Los prácticos, responsables de asesorar en las maniobras de entrada y salida de las embarcaciones, respondieron con una paralización del servicio que ya ha generado demoras en al menos seis terminales del país.
En un comunicado, la Cámara Argentina de Energía (CADE) expresó que las operaciones portuarias de sus empresas asociadas “se encuentran momentáneamente interrumpidas” debido a la falta de prácticos. Esta situación afecta a ambas extremidades de la cadena de suministro: la entrada de petróleo crudo a las refinerías, actualmente suspendida, y la salida de combustibles refinados hacia los centros de distribución.
La entidad especificó que la parálisis afecta las terminales de Campana, Dock Sud, Arroyo Seco, Bahía Blanca, San Lorenzo y Santa Cruz.

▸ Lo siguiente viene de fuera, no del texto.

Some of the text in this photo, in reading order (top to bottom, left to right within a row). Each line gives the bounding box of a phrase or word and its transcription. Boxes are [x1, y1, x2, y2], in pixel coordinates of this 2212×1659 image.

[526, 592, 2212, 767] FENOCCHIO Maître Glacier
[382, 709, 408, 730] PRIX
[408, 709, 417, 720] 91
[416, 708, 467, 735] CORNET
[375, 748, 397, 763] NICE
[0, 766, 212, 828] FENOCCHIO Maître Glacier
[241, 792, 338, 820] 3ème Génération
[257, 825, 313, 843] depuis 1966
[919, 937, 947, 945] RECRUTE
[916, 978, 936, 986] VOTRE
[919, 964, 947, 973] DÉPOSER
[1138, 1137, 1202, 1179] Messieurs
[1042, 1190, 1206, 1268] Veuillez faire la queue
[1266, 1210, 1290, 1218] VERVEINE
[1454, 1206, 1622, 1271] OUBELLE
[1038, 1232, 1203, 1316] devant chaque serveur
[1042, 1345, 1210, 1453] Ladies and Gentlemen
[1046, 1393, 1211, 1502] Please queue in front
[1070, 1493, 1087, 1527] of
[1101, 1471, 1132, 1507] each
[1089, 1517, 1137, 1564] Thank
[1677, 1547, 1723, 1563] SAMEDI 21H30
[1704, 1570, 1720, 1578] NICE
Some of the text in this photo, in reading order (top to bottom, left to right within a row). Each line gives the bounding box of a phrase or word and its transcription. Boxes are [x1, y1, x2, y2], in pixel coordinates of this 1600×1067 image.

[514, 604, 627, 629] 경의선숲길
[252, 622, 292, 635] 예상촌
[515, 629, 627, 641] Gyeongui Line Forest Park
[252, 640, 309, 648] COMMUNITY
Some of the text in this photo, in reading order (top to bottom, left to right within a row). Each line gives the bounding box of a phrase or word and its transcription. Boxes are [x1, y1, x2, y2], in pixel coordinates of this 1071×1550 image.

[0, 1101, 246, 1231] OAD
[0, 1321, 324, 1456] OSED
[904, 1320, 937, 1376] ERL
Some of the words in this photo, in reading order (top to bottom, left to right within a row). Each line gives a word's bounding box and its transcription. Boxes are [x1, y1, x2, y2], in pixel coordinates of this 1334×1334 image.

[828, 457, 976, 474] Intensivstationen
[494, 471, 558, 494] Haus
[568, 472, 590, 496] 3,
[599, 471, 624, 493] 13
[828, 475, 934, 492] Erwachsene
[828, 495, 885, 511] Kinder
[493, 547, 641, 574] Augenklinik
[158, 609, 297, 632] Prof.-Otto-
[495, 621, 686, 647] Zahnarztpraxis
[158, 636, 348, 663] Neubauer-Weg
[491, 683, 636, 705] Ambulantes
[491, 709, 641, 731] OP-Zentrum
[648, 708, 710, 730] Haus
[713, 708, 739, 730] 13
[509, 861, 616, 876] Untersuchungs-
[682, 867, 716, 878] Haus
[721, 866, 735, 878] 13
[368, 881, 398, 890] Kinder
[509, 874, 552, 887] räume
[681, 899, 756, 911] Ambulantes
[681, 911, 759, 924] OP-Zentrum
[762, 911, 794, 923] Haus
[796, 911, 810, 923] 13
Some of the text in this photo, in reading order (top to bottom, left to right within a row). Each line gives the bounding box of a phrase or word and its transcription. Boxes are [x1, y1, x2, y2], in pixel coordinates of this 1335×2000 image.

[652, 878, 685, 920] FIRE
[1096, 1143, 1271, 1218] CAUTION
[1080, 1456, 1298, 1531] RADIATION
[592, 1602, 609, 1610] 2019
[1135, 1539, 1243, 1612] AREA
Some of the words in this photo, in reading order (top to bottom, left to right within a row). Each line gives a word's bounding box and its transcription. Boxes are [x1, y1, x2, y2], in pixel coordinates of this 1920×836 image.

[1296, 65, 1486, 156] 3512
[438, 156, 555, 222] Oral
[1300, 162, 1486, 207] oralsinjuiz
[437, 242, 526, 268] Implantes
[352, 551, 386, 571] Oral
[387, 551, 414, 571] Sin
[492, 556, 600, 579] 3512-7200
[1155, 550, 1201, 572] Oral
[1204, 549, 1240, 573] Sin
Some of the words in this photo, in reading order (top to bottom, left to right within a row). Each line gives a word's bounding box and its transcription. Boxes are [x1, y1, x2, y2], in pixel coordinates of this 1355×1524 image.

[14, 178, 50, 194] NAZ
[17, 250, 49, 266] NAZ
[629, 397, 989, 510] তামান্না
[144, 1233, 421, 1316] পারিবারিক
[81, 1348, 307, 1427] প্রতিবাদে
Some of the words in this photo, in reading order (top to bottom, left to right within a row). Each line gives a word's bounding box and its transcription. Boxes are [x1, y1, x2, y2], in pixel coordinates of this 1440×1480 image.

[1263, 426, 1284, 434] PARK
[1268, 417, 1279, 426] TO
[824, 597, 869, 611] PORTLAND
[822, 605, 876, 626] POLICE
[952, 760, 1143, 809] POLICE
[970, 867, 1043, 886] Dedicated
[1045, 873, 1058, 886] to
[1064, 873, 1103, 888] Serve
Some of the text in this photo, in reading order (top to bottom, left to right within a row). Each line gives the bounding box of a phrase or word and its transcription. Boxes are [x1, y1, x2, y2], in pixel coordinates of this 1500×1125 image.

Además, el freno se extiende a Caleta Córdova, en Comodoro Rivadavia, terminal clave para el traslado del combustible refinado a las estaciones de servicio.
Fuentes de una empresa impactada por el conflicto señalaron que el principal inconveniente radica en el movimiento de combustible entre los puertos más relevantes, tanto hacia el norte como hacia el sur del país. Indicaron que el combustible se traslada desde las refinerías de Campana, Dock Sud, La Plata y Bahía Blanca hacia la terminal de Comodoro Rivadavia, la cual abastece gran parte de la Patagonia sur, y que esa actividad está detenida.
Por otro lado, el norte del país enfrenta la crisis con menor severidad gracias al sistema de poliductos, que permite conectar con la terminal de Rosario y otras estaciones en San Lorenzo, desde donde se distribuye combustible por camión. Sin embargo, advirtieron que si la situación no se resuelve pronto, la Patagonia podría enfrentar serios problemas de abastecimiento.
Otra empresa del sector, igualmente afectada por la falta de prácticos, comentó que su margen de maniobra es limitado. “Nos quedan 24 horas de espacio en la refinería. Si no se soluciona, habrá que bajar carga”, indicaron, poniendo de relieve que la situación actual se sostiene gracias a los niveles de stock previos a la parálisis.
El centro del problema, coincidieron las fuentes, es el traslado de combustible hacia la Patagonia sur, la región con menor infraestructura alternativa de provisión ante la detención de las operaciones portuarias.
El conflicto también está afectando la construcción de la terminal marítima de exportación del VMOS, ubicada en Punta Colorada, Río Negro. Según informaron fuentes de una de las empresas implicadas, un buque de gran tamaño que debía trasladarse desde Bahía Blanca a la zona de operaciones no logró zarpar y acumula entre 24 y 48 horas de demora.
Un medio especializado había reportado que el HL White Marlin, uno de los buques semisumergibles más grandes del mundo, llegó al país y quedó fondeado en la boya 17 frente a Bahía Blanca. En su cubierta transporta las embarcaciones que participarán en la construcción de la terminal offshore, desde donde se exportará gran parte del petróleo producido en Vaca Muerta a mercados internacionales.
El VMOS es un oleoducto de 437 kilómetros que conectará Vaca Muerta con el puerto de Punta Colorada, en Río Negro. Se prevé que su inicio de operaciones ocurra en noviembre, con la primera exportación de petróleo proyectada para finales de enero o principios de febrero, una vez que se completen las pruebas del sistema y el llenado de los tanques de almacenamiento junto a la terminal.
“Por ahora no es grave, pero se trata de un buque extranjero, así que es conveniente que pueda moverse cuanto antes”, dijeron fuentes vinculadas a la obra.